YOUR TASK:
For this exercise, output exactly and only the lines running from the one with "this 1360×2048 image." through the final line of the data below, without pictures.

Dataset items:

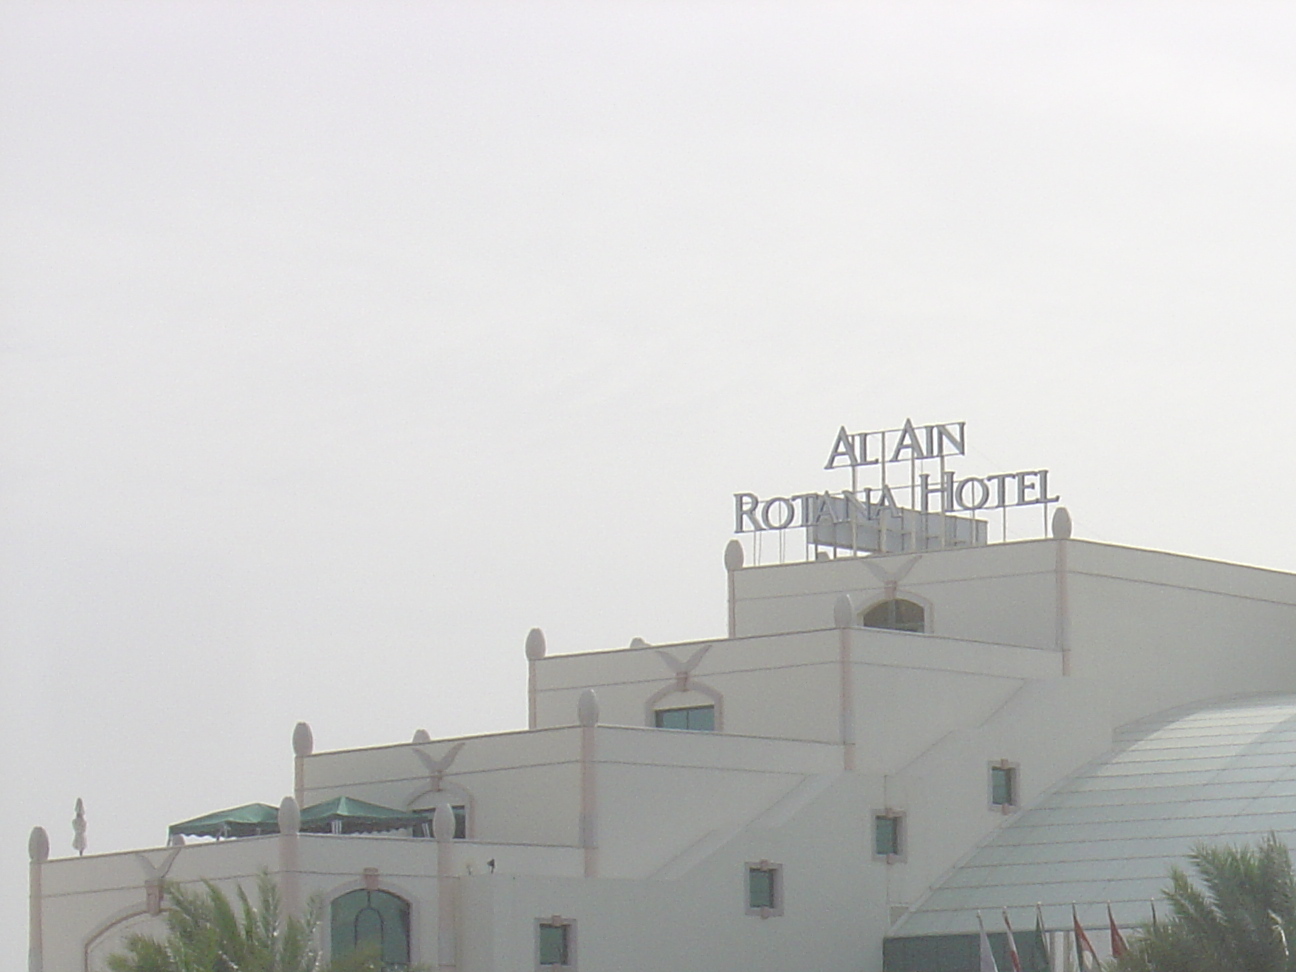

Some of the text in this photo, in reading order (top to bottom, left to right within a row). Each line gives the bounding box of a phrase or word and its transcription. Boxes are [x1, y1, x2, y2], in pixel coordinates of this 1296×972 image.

[824, 417, 966, 470] AL AIN
[733, 469, 1060, 534] ROTANA HOTEL
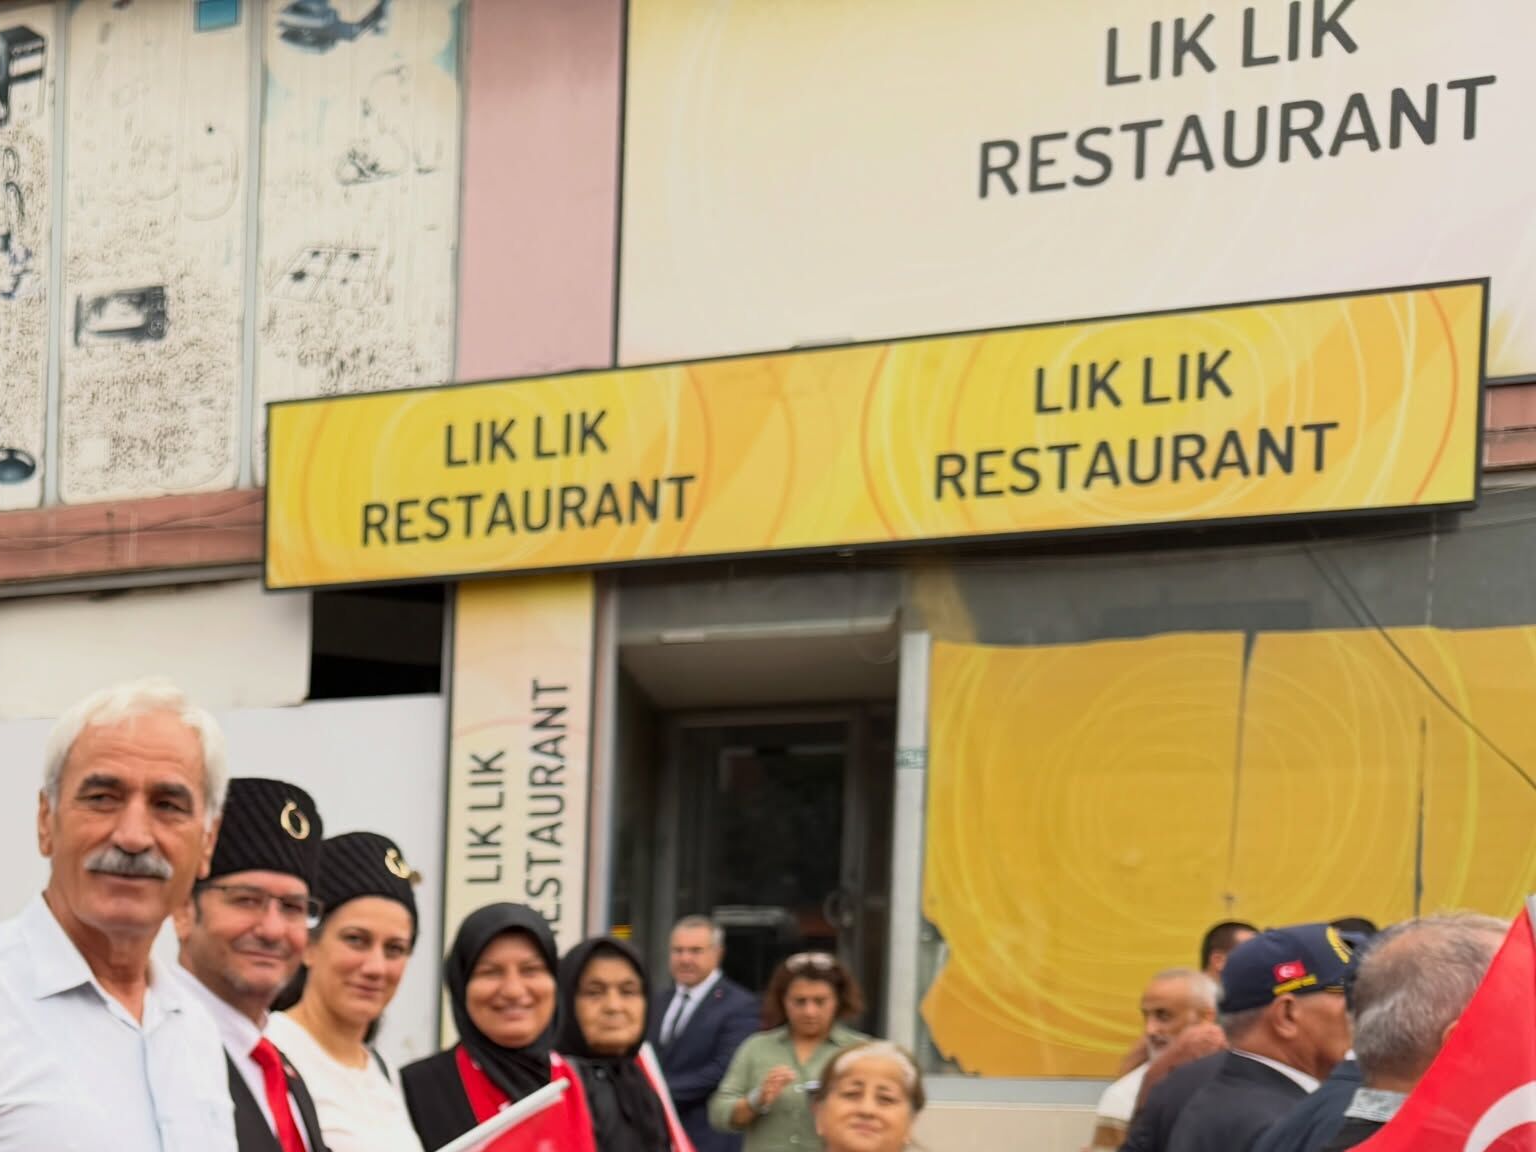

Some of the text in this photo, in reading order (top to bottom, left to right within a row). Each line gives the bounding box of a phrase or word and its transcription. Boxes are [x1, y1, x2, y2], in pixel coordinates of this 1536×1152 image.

[1106, 0, 1359, 86] LIK LIK
[978, 75, 1497, 200] RESTAURANT
[1034, 349, 1233, 414] LIK LIK
[445, 410, 608, 467] LIK LIK
[934, 422, 1340, 500] RESTAURANT
[362, 475, 696, 547] RESTAURANT
[466, 750, 505, 883] LIK LIK
[525, 679, 569, 933] ESTAURANT
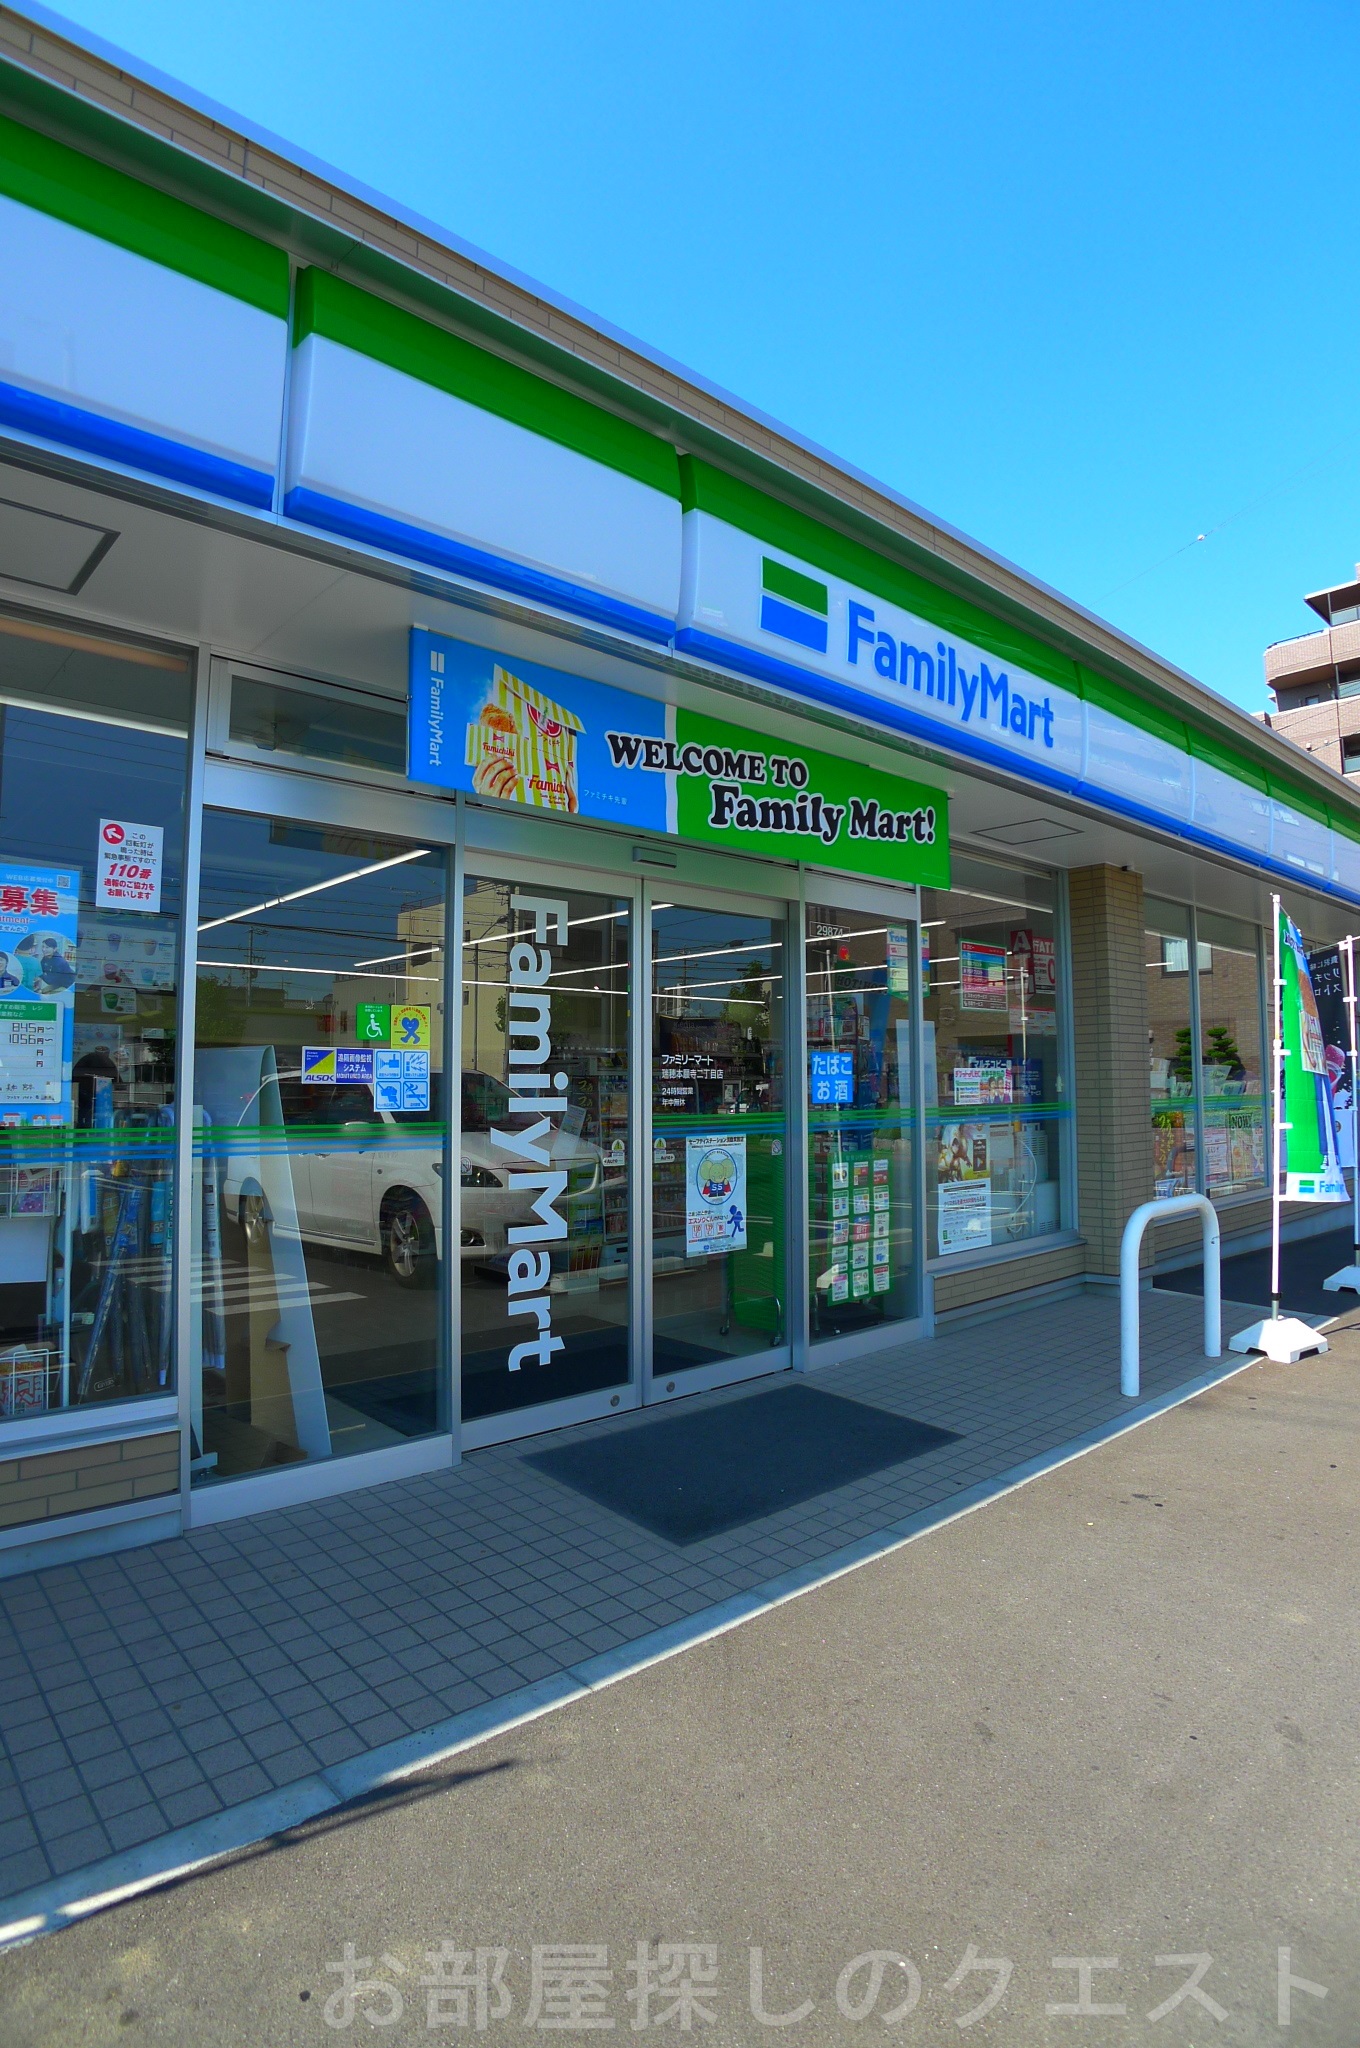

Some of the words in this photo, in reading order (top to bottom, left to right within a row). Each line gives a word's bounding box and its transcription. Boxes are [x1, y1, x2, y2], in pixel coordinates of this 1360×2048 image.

[848, 599, 1054, 748] FamilyMart
[428, 677, 445, 766] FamilyMart
[606, 733, 766, 783] WELCOME
[771, 758, 808, 787] TO
[710, 783, 845, 843] Family
[849, 799, 935, 843] Mart!
[132, 832, 146, 840] この
[125, 839, 154, 849] 回転灯が
[108, 863, 153, 879] 110番
[103, 878, 155, 891] 通報のご協力を
[0, 884, 59, 916] 募集
[107, 888, 152, 900] お願いします
[816, 924, 844, 937] 29874
[661, 1054, 714, 1066] ファミリーマート
[813, 1055, 853, 1075] たばこ
[343, 1064, 367, 1073] システム
[305, 1074, 335, 1082] ALSOK
[661, 1087, 694, 1096] 24時間営業
[817, 1080, 848, 1101] お酒
[490, 893, 569, 1372] FamilyMart
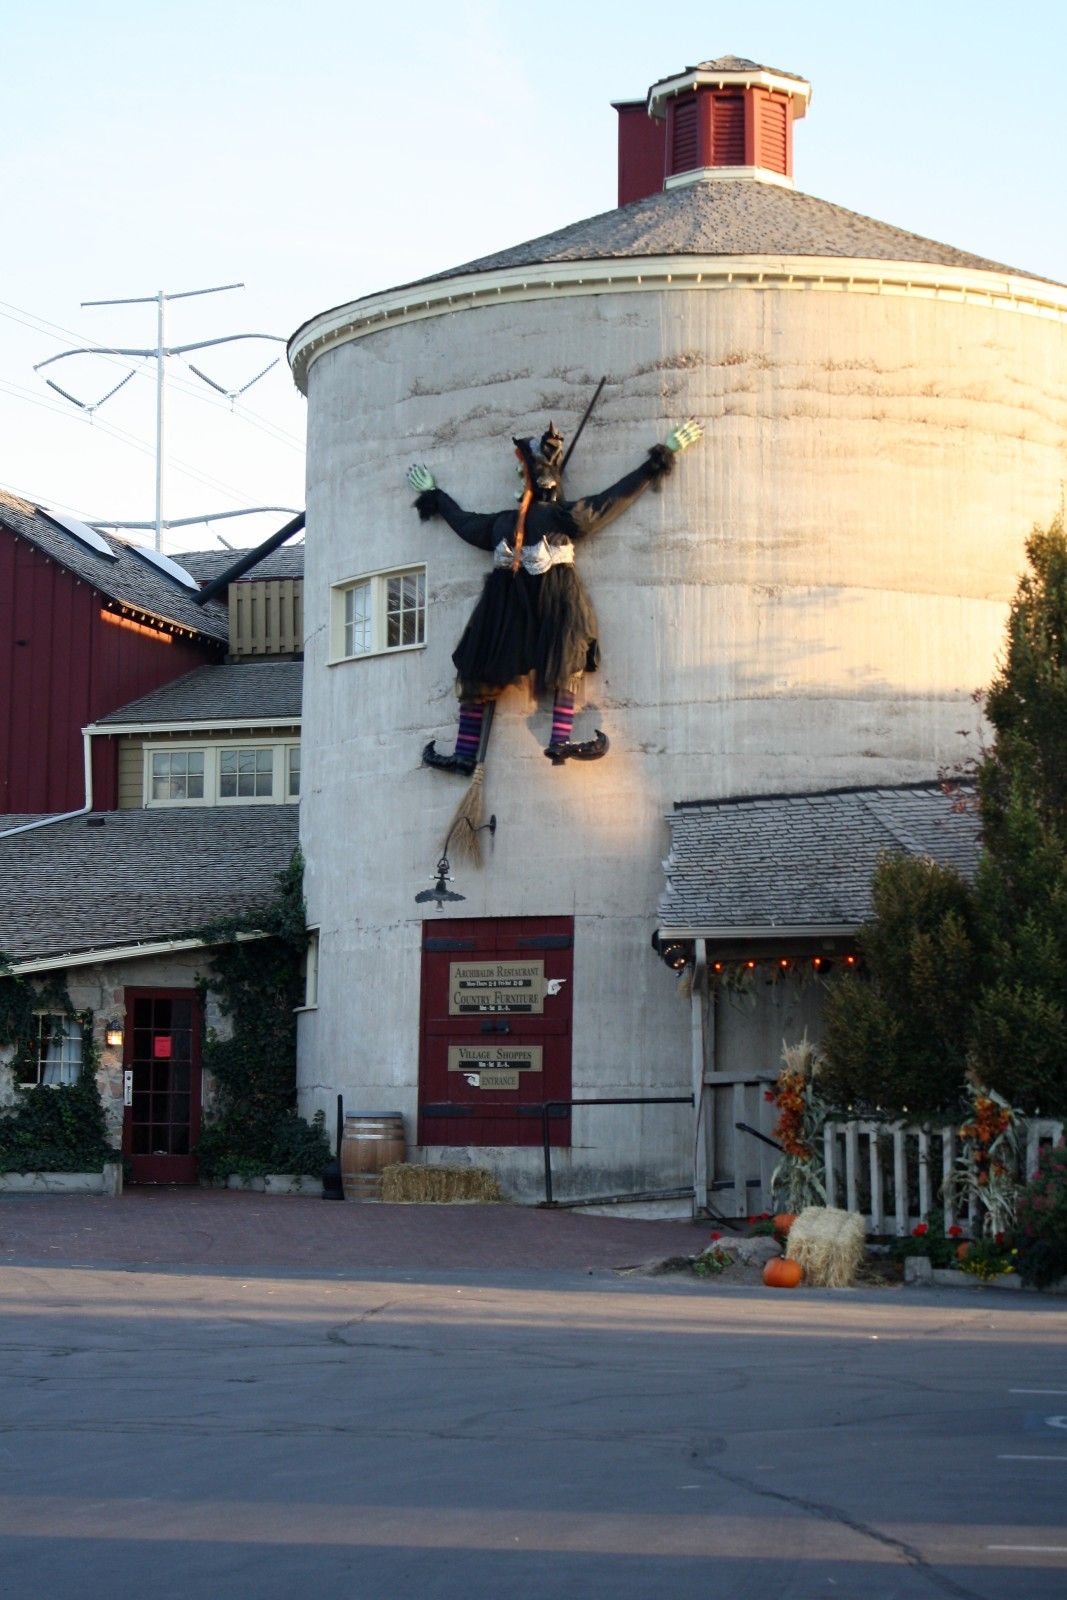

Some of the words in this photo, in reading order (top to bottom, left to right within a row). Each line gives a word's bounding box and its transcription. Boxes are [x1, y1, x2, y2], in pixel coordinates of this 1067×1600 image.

[496, 965, 539, 977] RESTAURANT
[454, 992, 490, 1004] COUNTRY
[495, 991, 539, 1004] FURNITURE
[459, 1048, 490, 1059] VILLAGE
[496, 1048, 532, 1059] SHOPPES
[482, 1076, 516, 1086] ENTRANCE

TASK ANSWER:
Some of the words in this photo, in reading order (top to bottom, left to right within a row). Each line gives a word's bounding box and its transcription. Boxes are [x1, y1, x2, y2], in pixel coordinates of this 1360×2048 image.

[848, 599, 1054, 748] FamilyMart
[428, 677, 445, 766] FamilyMart
[606, 733, 766, 783] WELCOME
[771, 758, 808, 787] TO
[710, 783, 845, 843] Family
[849, 799, 935, 843] Mart!
[132, 832, 146, 840] この
[125, 839, 154, 849] 回転灯が
[108, 863, 153, 879] 110番
[103, 878, 155, 891] 通報のご協力を
[0, 884, 59, 916] 募集
[107, 888, 152, 900] お願いします
[816, 924, 844, 937] 29874
[661, 1054, 714, 1066] ファミリーマート
[813, 1055, 853, 1075] たばこ
[343, 1064, 367, 1073] システム
[305, 1074, 335, 1082] ALSOK
[661, 1087, 694, 1096] 24時間営業
[817, 1080, 848, 1101] お酒
[490, 893, 569, 1372] FamilyMart

Some of the words in this photo, in reading order (top to bottom, left to right within a row). Each line gives a word's bounding box and its transcription. Boxes are [x1, y1, x2, y2], in pixel coordinates of this 1067×1600 image.

[496, 965, 539, 977] RESTAURANT
[454, 992, 490, 1004] COUNTRY
[495, 991, 539, 1004] FURNITURE
[459, 1048, 490, 1059] VILLAGE
[496, 1048, 532, 1059] SHOPPES
[482, 1076, 516, 1086] ENTRANCE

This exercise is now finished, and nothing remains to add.